§ WHAT YOU NEED TO DO: Reproduce the records below exactly, leaving out any pictures.

§ DATA FOR ANALYSIS:
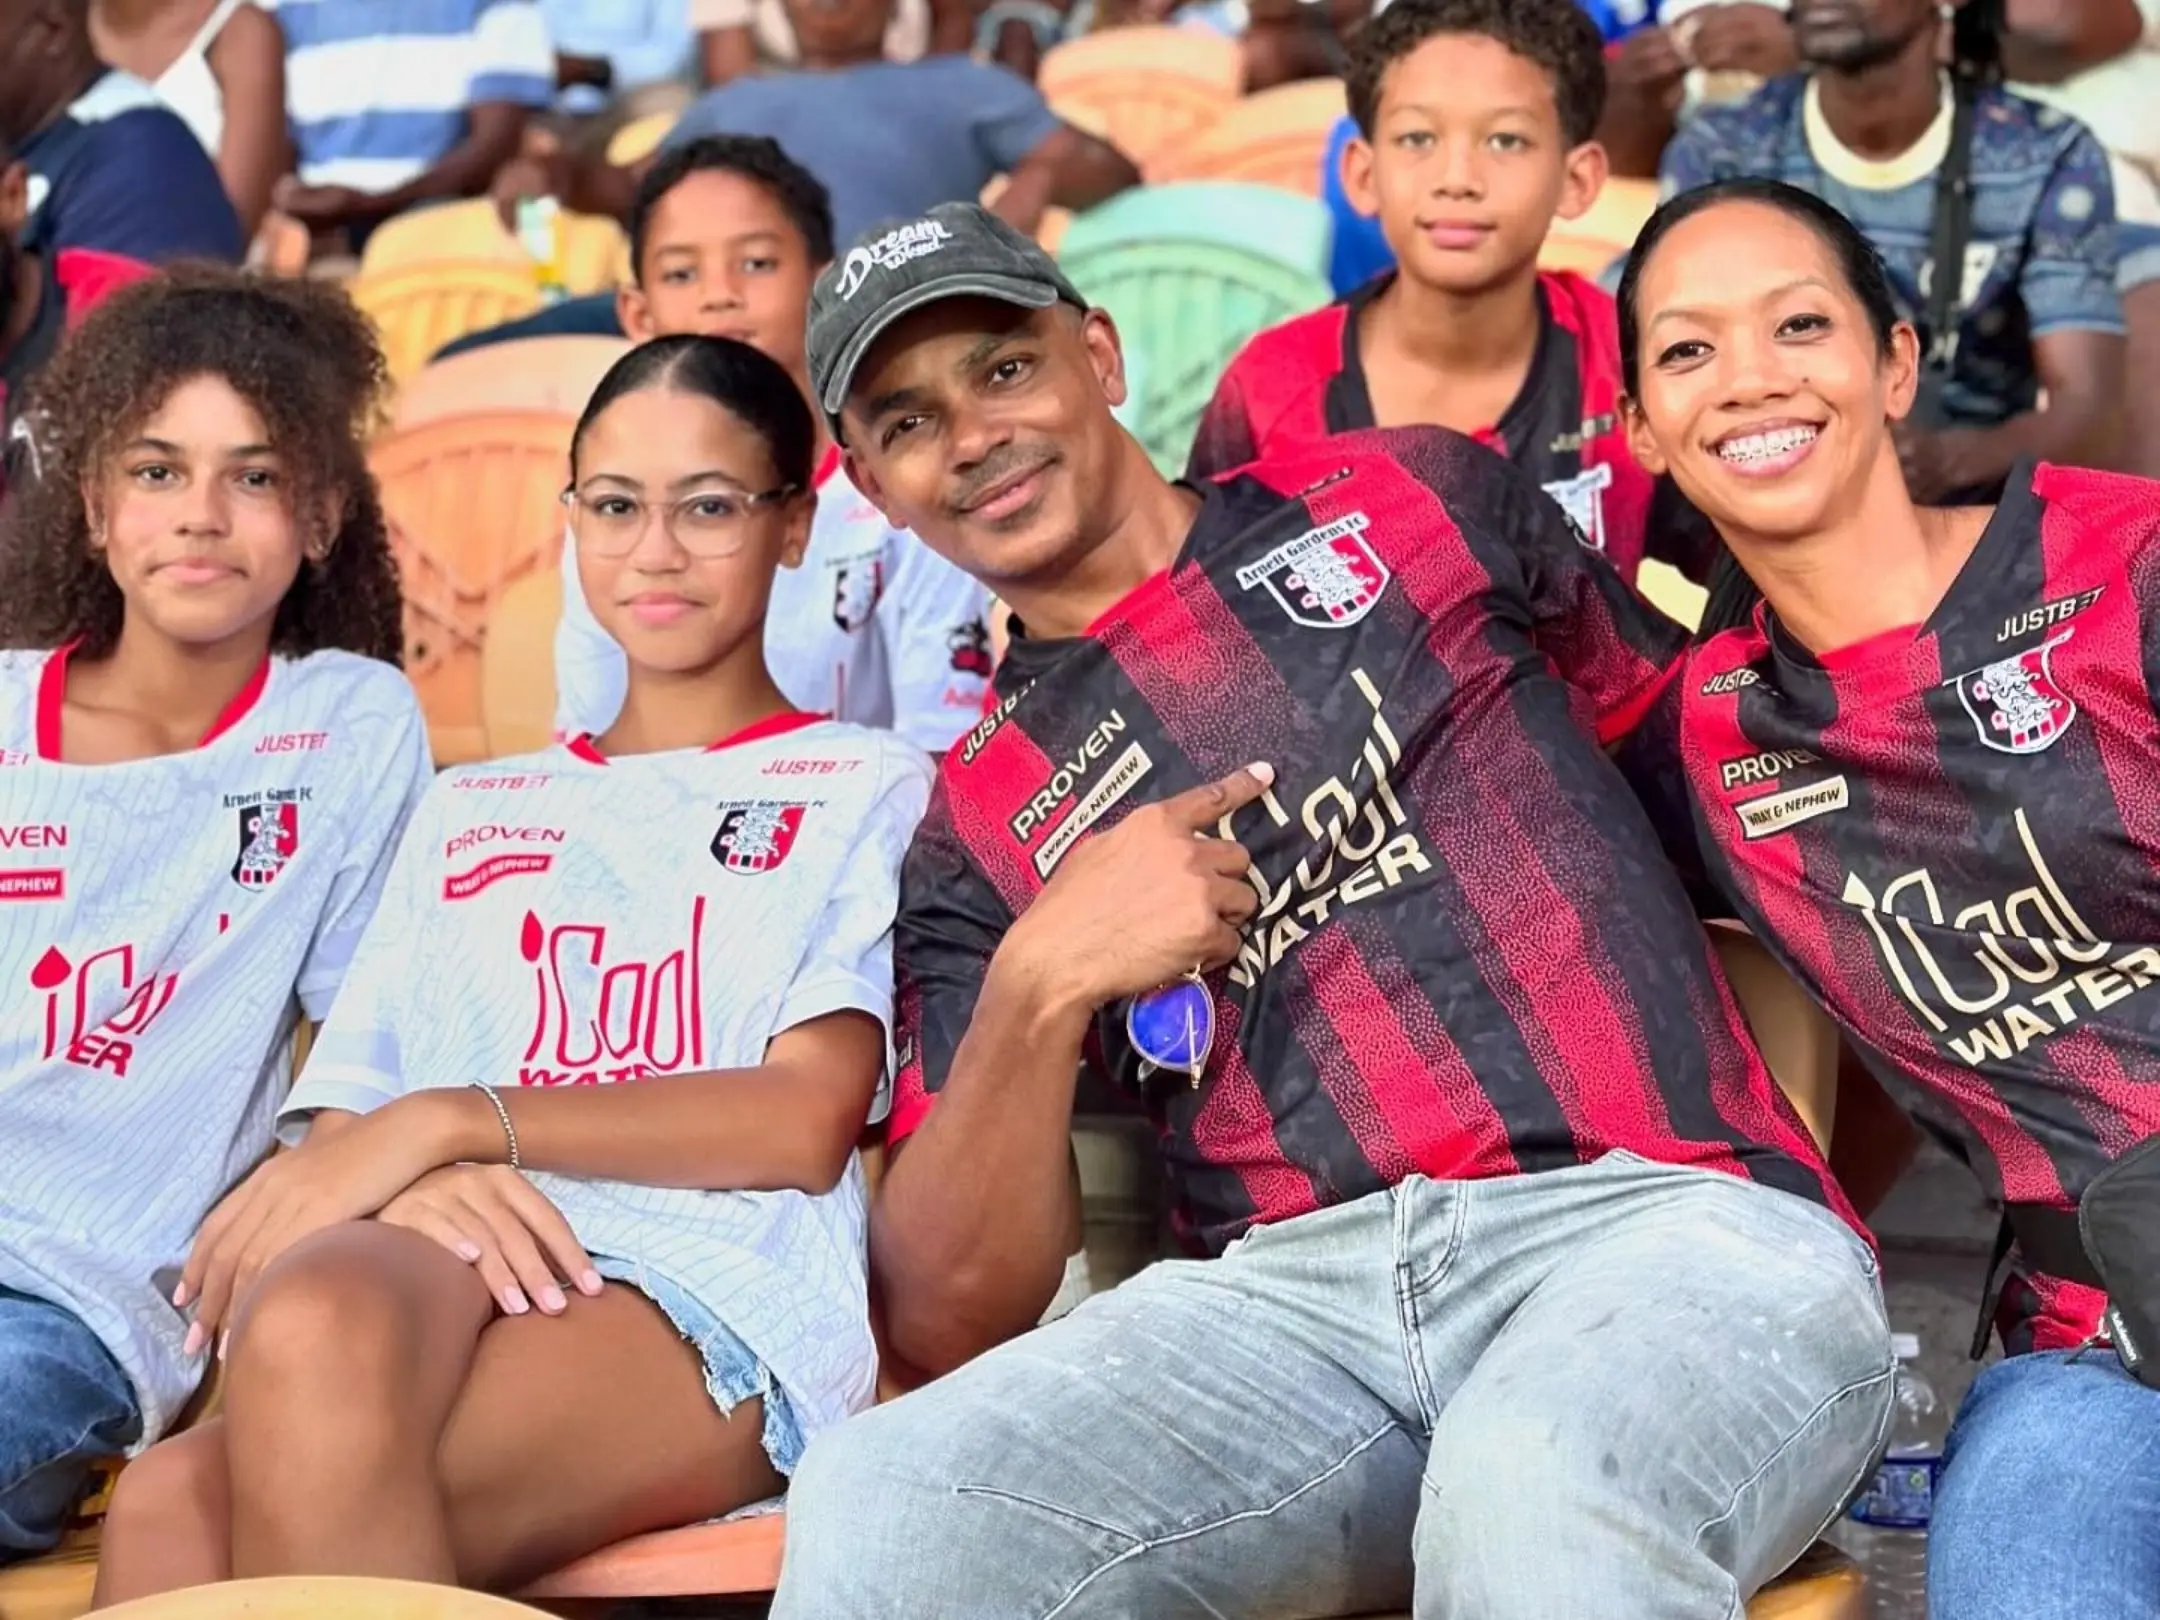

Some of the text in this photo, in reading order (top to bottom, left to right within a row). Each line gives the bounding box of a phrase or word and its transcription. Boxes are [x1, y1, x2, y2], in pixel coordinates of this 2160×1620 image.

[835, 219, 953, 301] Dream
[1287, 523, 1345, 557] Gardens
[1345, 514, 1365, 531] FC
[963, 678, 1036, 762] JUSTB
[1703, 668, 1779, 696] JUSTB
[1012, 708, 1126, 840] PROVEN
[1043, 823, 1076, 861] WRAY
[1090, 755, 1139, 813] NEPHEW
[1194, 668, 1407, 935] Cool
[1722, 748, 1822, 788] PROVE
[1785, 786, 1840, 814] NEPHEW
[446, 825, 565, 859] PROVEN
[1228, 832, 1432, 989] WATER
[1842, 807, 2112, 1032] iCool
[520, 896, 706, 1070] iCool
[1948, 947, 2160, 1067] WATER

§ THE ANSWER:
Some of the text in this photo, in reading order (top to bottom, left to right within a row). Each line gives the bounding box of a phrase or word and its transcription. Boxes are [x1, y1, x2, y2], in pixel coordinates of this 2160×1620 image.

[835, 219, 953, 301] Dream
[1287, 523, 1345, 557] Gardens
[1345, 514, 1365, 531] FC
[963, 678, 1036, 762] JUSTB
[1703, 668, 1779, 696] JUSTB
[1012, 708, 1126, 840] PROVEN
[1043, 823, 1076, 861] WRAY
[1090, 755, 1139, 813] NEPHEW
[1194, 668, 1407, 935] Cool
[1722, 748, 1822, 788] PROVE
[1785, 786, 1840, 814] NEPHEW
[446, 825, 565, 859] PROVEN
[1228, 832, 1432, 989] WATER
[1842, 807, 2112, 1032] iCool
[520, 896, 706, 1070] iCool
[1948, 947, 2160, 1067] WATER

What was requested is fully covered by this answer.